50/30/20 Rule is Beneficial to Which Section of Society

This budget is best suited for individuals who are living a stable life. Individuals who are or are satisfied with their after-tax income. Whose needs can be fulfilled within 50% of the after-tax income? Otherwise, there is a section in our society whose expenditure is much more than their income.

There are many people who work day and night to fulfill their basic needs, i.e. just to earn food for themselves. They don’t have enough resources to save for themselves. 
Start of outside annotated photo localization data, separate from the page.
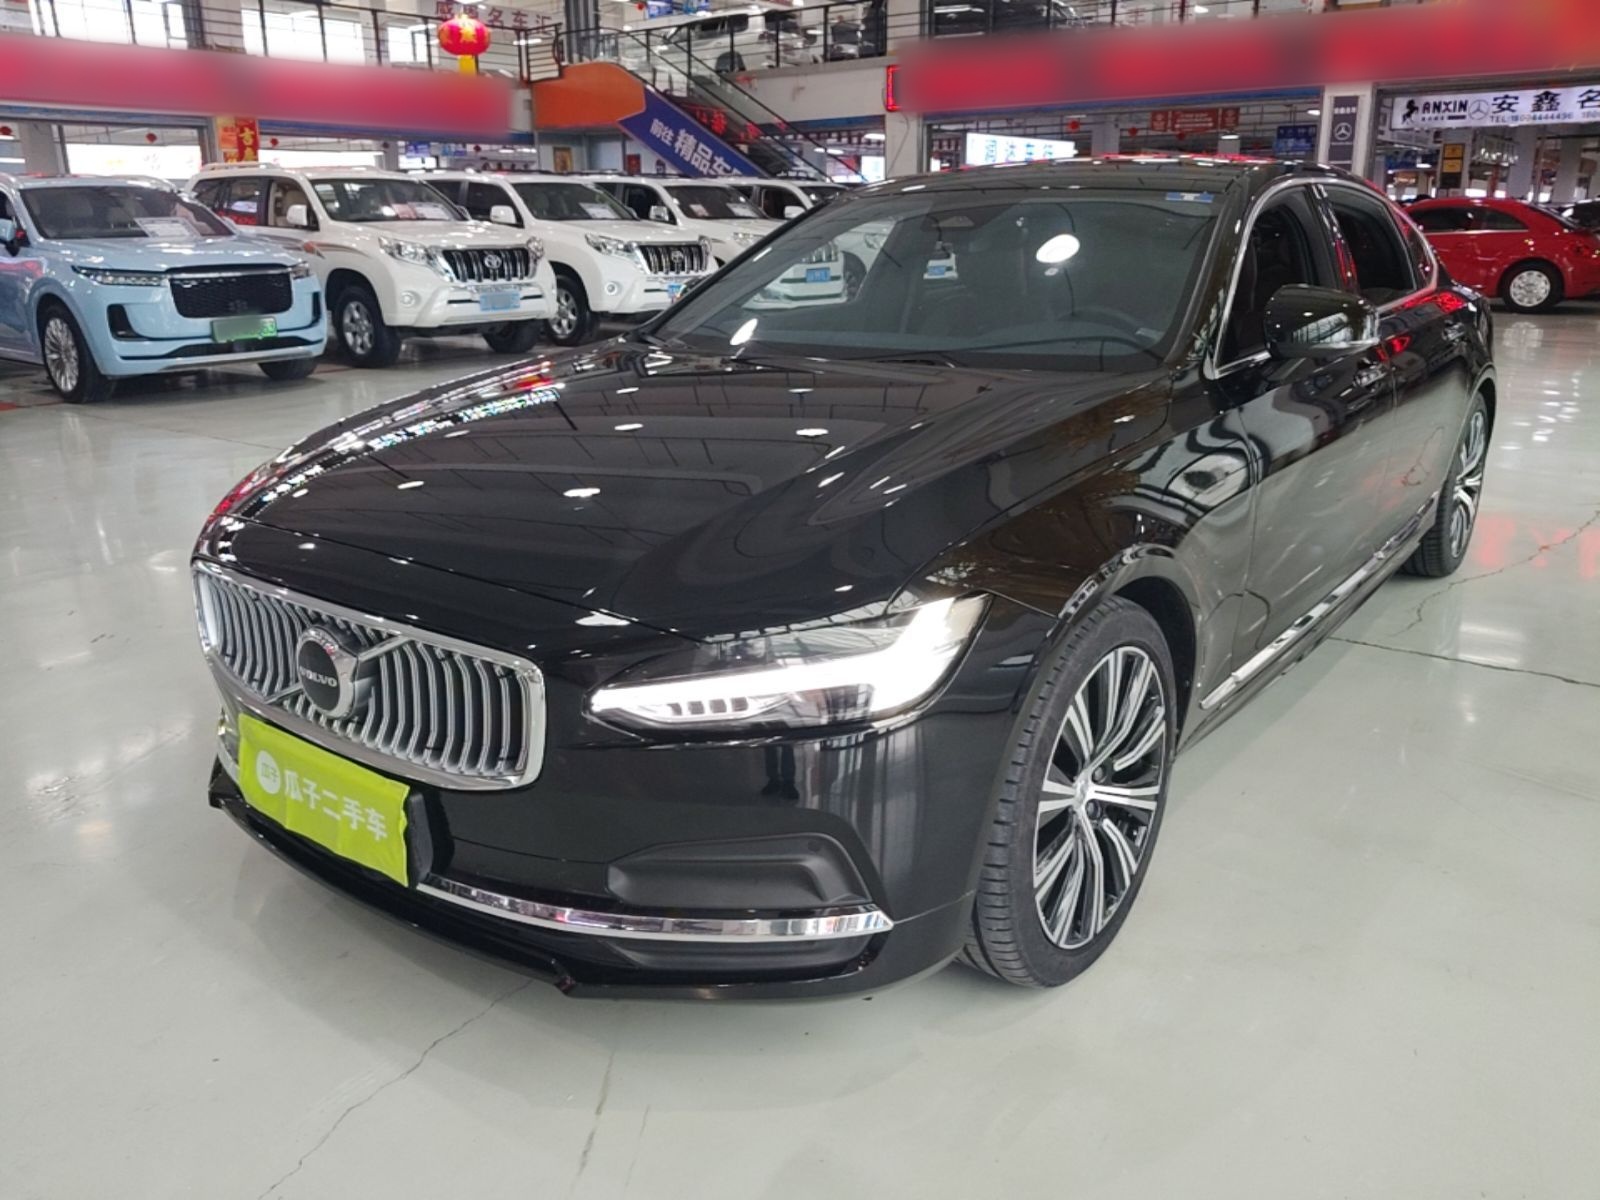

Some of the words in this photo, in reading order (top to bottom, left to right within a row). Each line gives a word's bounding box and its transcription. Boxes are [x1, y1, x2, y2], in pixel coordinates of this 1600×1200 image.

[1422, 100, 1469, 115] ANXIN
[299, 665, 338, 688] VOLVO
[284, 770, 388, 842] 瓜子二手车
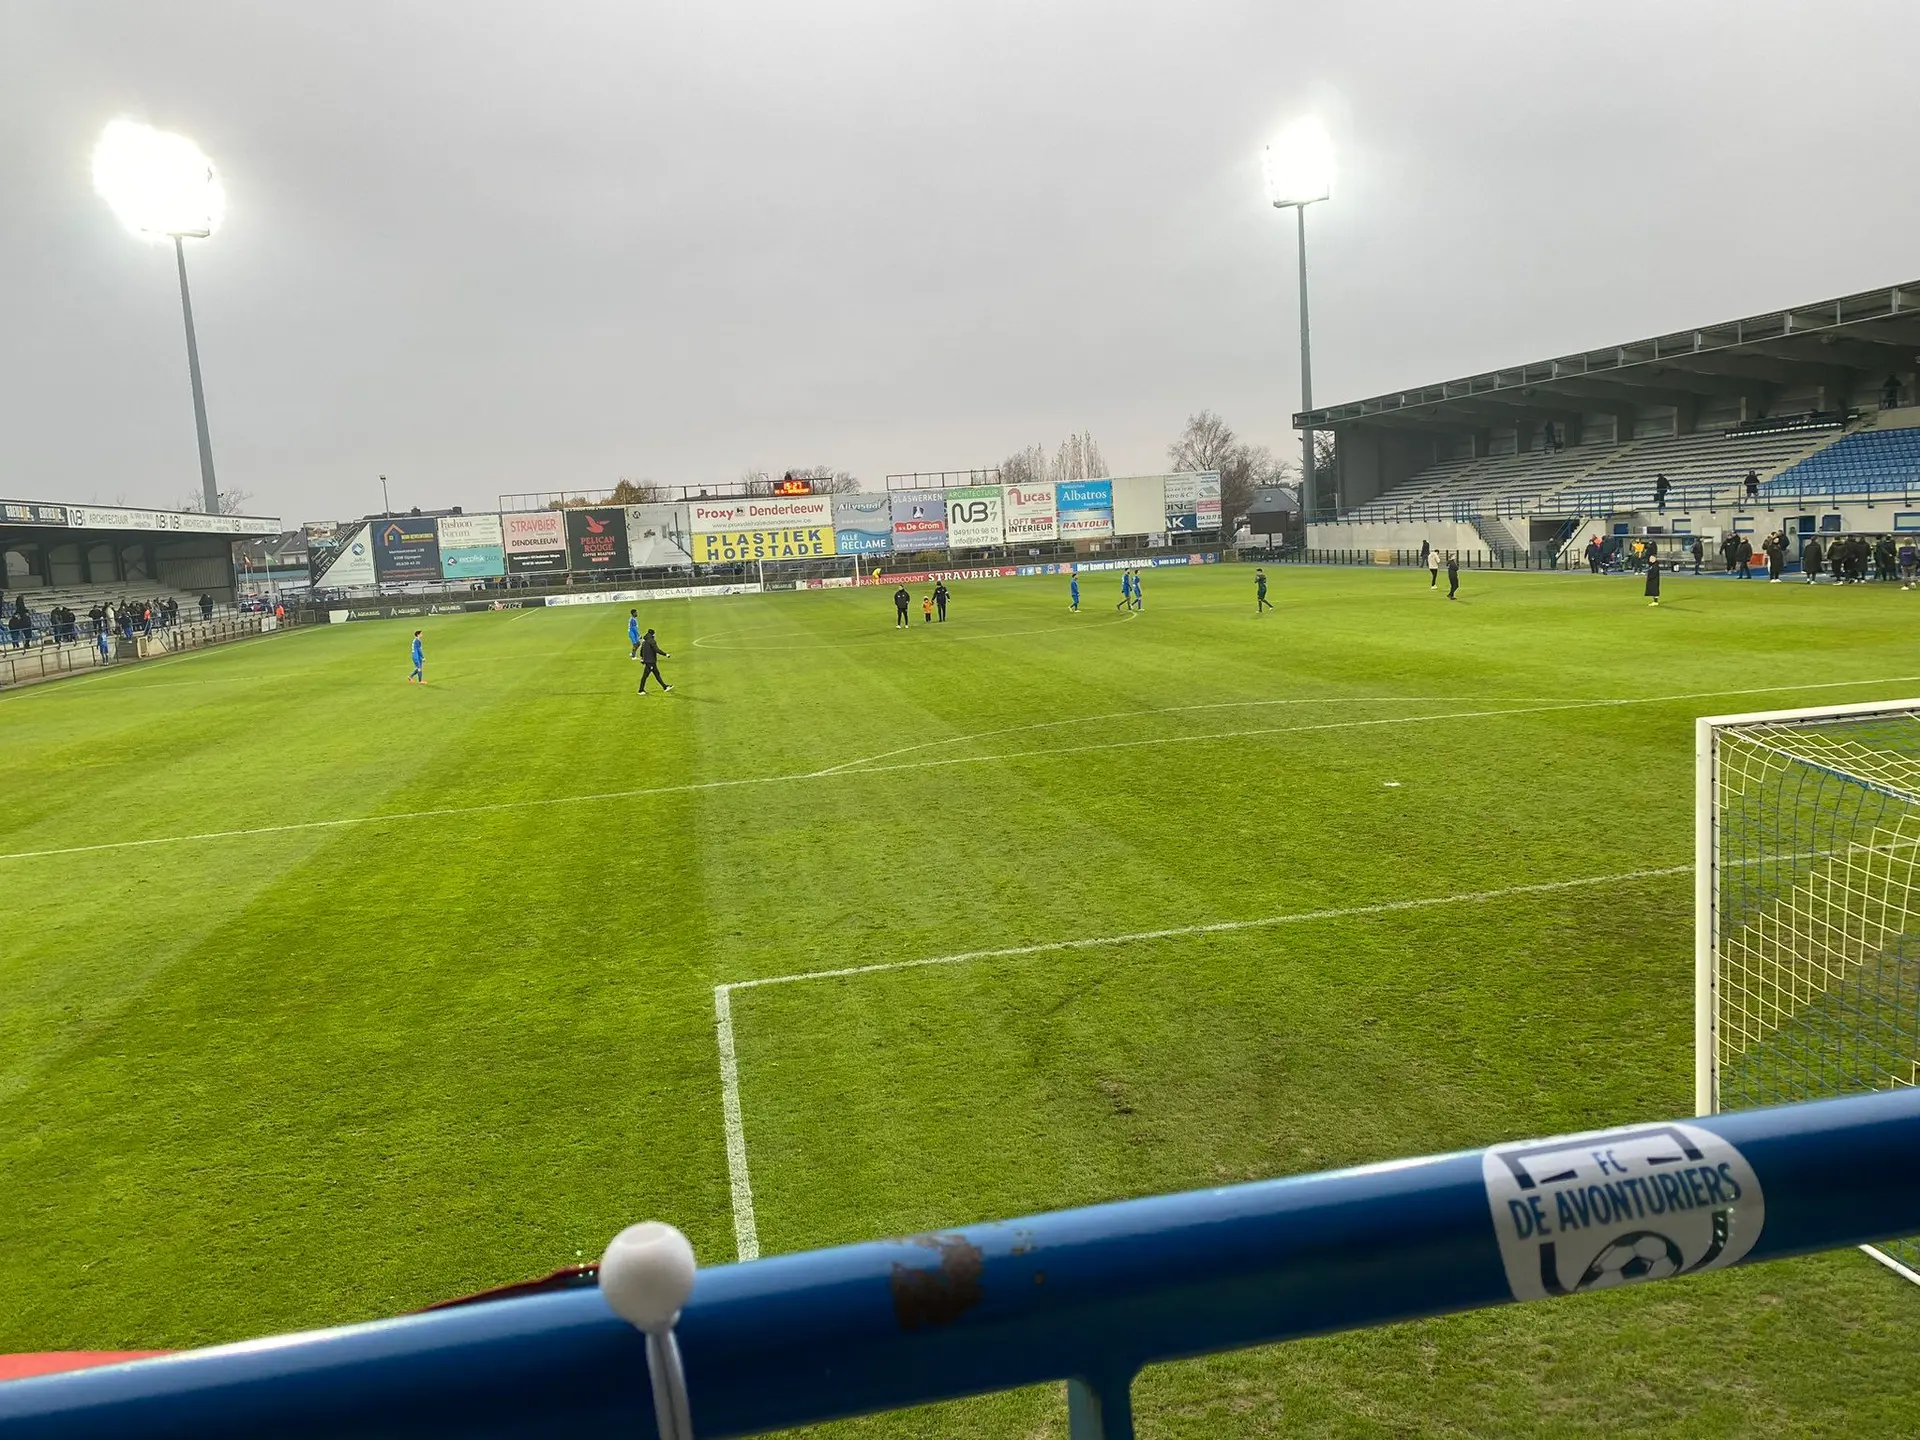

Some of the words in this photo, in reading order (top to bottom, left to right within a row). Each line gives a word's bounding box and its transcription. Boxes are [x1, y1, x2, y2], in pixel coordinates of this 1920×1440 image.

[893, 493, 943, 503] GLASWERKEN
[948, 489, 999, 498] ARCHITECTUUR
[1008, 488, 1052, 505] Lucas
[1062, 490, 1107, 501] Albatros
[697, 508, 734, 520] Proxy
[750, 504, 824, 516] Denderleeuw
[89, 513, 129, 525] ARCHITECTUUR
[441, 518, 473, 529] Fashion
[1008, 517, 1029, 526] LOFT
[1062, 519, 1109, 529] RANTOUR
[511, 518, 557, 533] STRAVBIER
[1008, 523, 1053, 533] INTERIEUR
[442, 530, 470, 538] Forum
[706, 529, 822, 548] PLASTIEK
[511, 537, 559, 547] DENDERLEEUW
[580, 535, 616, 545] PELICAN
[841, 539, 887, 550] RECLAME
[584, 543, 614, 552] ROUGE
[707, 542, 824, 561] HOFSTADE
[855, 575, 925, 587] RANENDISCOUNT
[928, 569, 1001, 582] STRAVBIER
[1591, 1149, 1628, 1176] FC
[1507, 1194, 1553, 1241] DE
[1554, 1162, 1743, 1233] AVONTURIERS
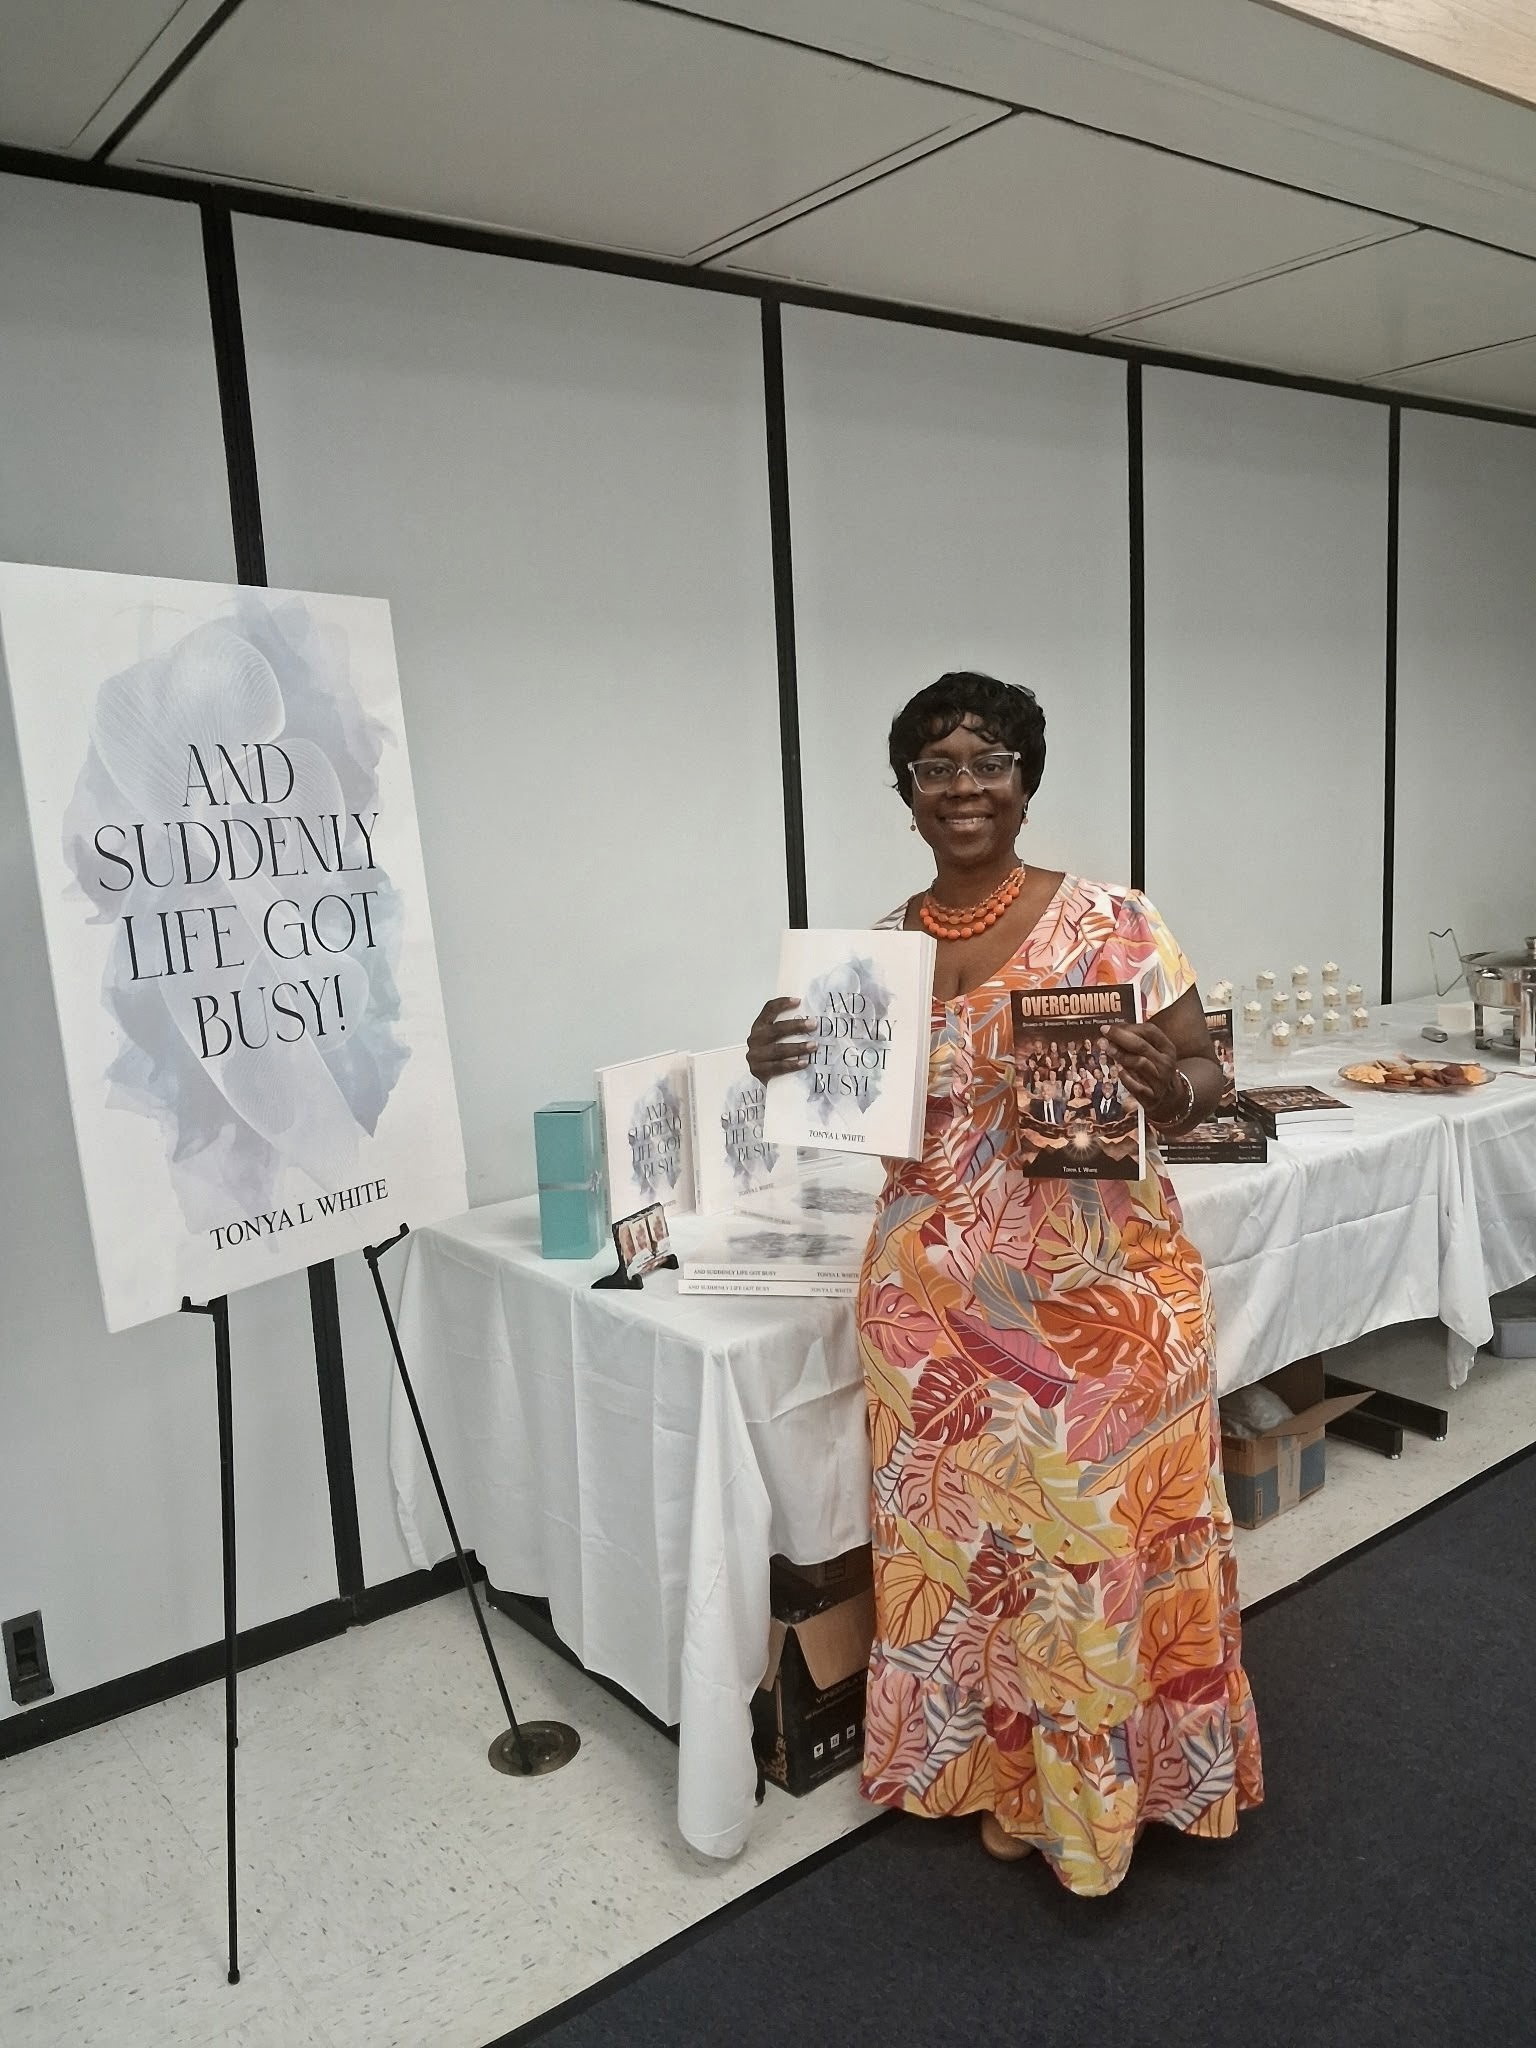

Therefore, this budget best suits the individuals who have a higher status in the society can easily fulfill their needs among the 50% of their after-tax income.

Disadvantages of 50/30/20 Budget

  • It’s quite insignificant

It’s quite easy to adjust according to the 50/30/20, but if you are a high earner, you might spend unnecessarily on your needs.

  •  It does not support debt-payoff

The following downside of utilizing the 50/30/20 planning strategy is that it doesn’t leave a lot of space for debt-payoff.

  • It can’t be followed forever.

50/30/20 budget is not a long term method that can help you in managing your hard-earned money. For example: On the off chance that you need to resign sometime in the future, handle a startling cost, or take your family on a pleasant excursion, you’ll need to help your investment funds rate.

Alternatives Budget Strategies

You must know about alternative budget strategies to determine whether the 50/30/20 budget option is best for you.

Zero Based Budget

The zero based budget is popularized by Dave Ramsey. The idea is that your income and expenses should be zero at the end of each month. You can use the Dave Ramsey budget percentages to understand where all your money that has a job needs to go.

Pay Yourself First Budget

You may also have heard of the pay yourself first budget. With most budgets, you are prioritizing your expenses. With this budget, you are thinking of paying yourself first. It can shift the way that you think about money and saving.

80/20 budget

80/20 budget is a modified version of the 50/30/20 budget rule. In which there is no need for an individual to divide his/her needs and wants and can simply save 20% of the income and spend the rest with full freedom.

The Bottom Line

Saving money is not as easy as we often get unexpected expenses from life. However, a person would be having a good plan for managing their after-tax income if he or she follows the 50-20-30 rule.

Moreover, you can customize this rule according to your own needs and wants. For instance, if you want to increase your savings, then you just have to find a method by which you can lower down your expenses.

You shouldn’t live like a frugal person all the time, as you also need to enjoy your life. However, having set plans and targets would help you live freely even after your retirement. Moreover, this can lead to a happy and fulfilling life.